Login issues on our Prod3 environment

Incident Report for Harness

Postmortem

Summary

The Prod3 cluster experienced downtime, preventing users from accessing the Harness UI. Only access to Prod3 was affected but the pipeline executions were not impacted. 

Resolution

To mitigate the issue, Harness services were auto-scaled. Additionally, rate limiting and timeouts were implemented for specific API endpoints to regulate the load. These measures effectively reduced system strain, allowing the platform to recover and resume normal operations.

Timeline

Time (UTC) Event
March 4, 2025, 7:25 AM UTC Investigating login issue in prod3 environment. Prod3 cluster was under pressure and rejecting requests
March 4, 2025, 7:30 AM UTC Reverted system release
March 4, 2025, 7:38 AM UTC Changed status to monitoring. System is operating normally

The Root Cause Analysis (RCA)

One of the core micro-services in the Harness platform was receiving a high volume of external traffic. The API endpoint under load was executing a long-running analytical query, which became slow during this period. This slowdown triggered a cascading effect across the infrastructure, leading to the unavailability of underlying services.
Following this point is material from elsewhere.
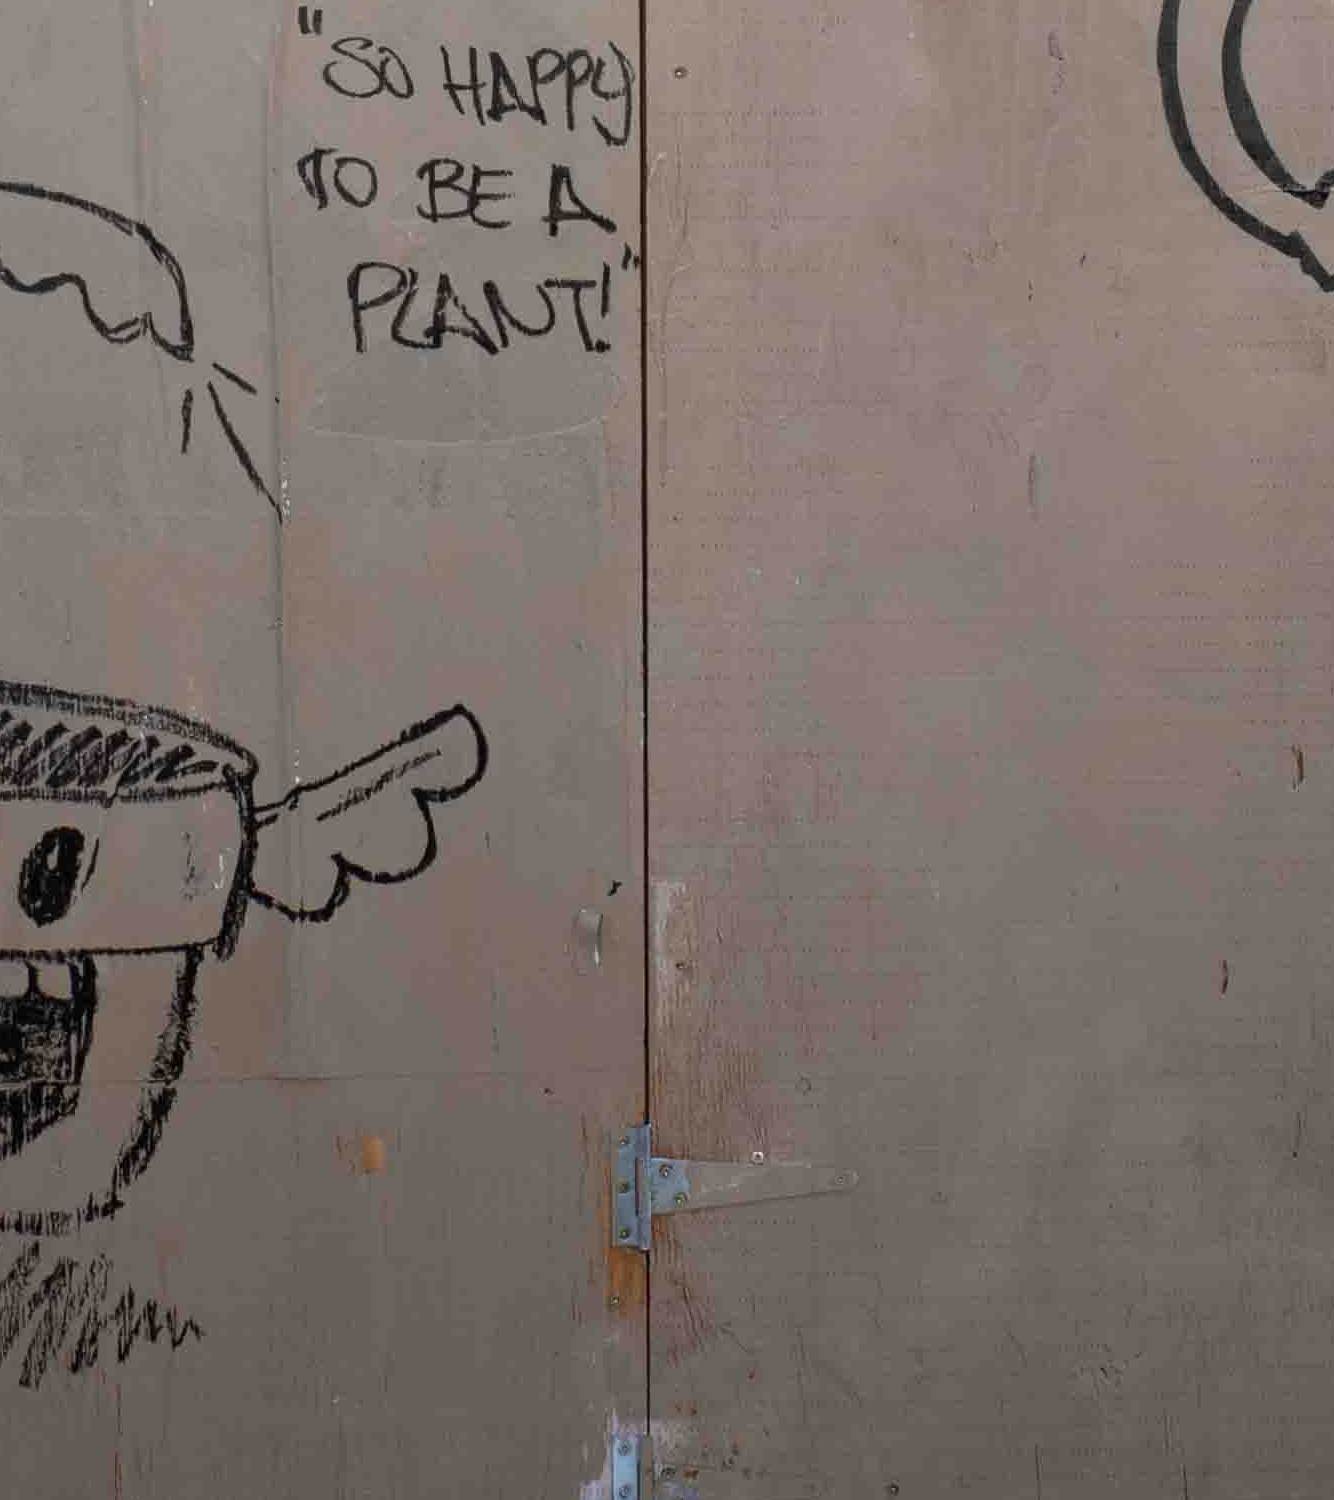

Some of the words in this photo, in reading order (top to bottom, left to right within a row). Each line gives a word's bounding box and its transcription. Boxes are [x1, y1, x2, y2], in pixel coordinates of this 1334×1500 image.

As the load increased, new requests began to fail. Since the Harness UI depends on responses from backend APIs, the pages failed to load. 

Action Items

  1. Move analytical services to a separate end point to prevent such issues impacting critical workflow
Posted Mar 11, 2025 - 17:03 PDT

Resolved

This incident has been resolved.
Posted Mar 04, 2025 - 03:59 PST

Monitoring

A fix has been implemented and we are monitoring the results.
Posted Mar 03, 2025 - 23:38 PST

Investigating

We are currently investigating logging issue in prod3 environment
Posted Mar 03, 2025 - 23:25 PST
This incident affected: Prod 3 (Continuous Delivery (CD) - FirstGen - EOS, Continuous Delivery - Next Generation (CDNG), Cloud Cost Management (CCM), Continuous Error Tracking (CET), Continuous Integration Enterprise(CIE) - Self Hosted Runners, Continuous Integration Enterprise(CIE) - Mac Cloud Builds, Continuous Integration Enterprise(CIE) - Windows Cloud Builds, Continuous Integration Enterprise(CIE) - Linux Cloud Builds, Custom Dashboards, Feature Flags (FF), Security Testing Orchestration (STO), Service Reliability Management (SRM), Chaos Engineering, Internal Developer Portal (IDP), Infrastructure as Code Management (IaCM), Software Supply Chain Assurance (SSCA), Software Engineering Insights (SEI), Code Repository).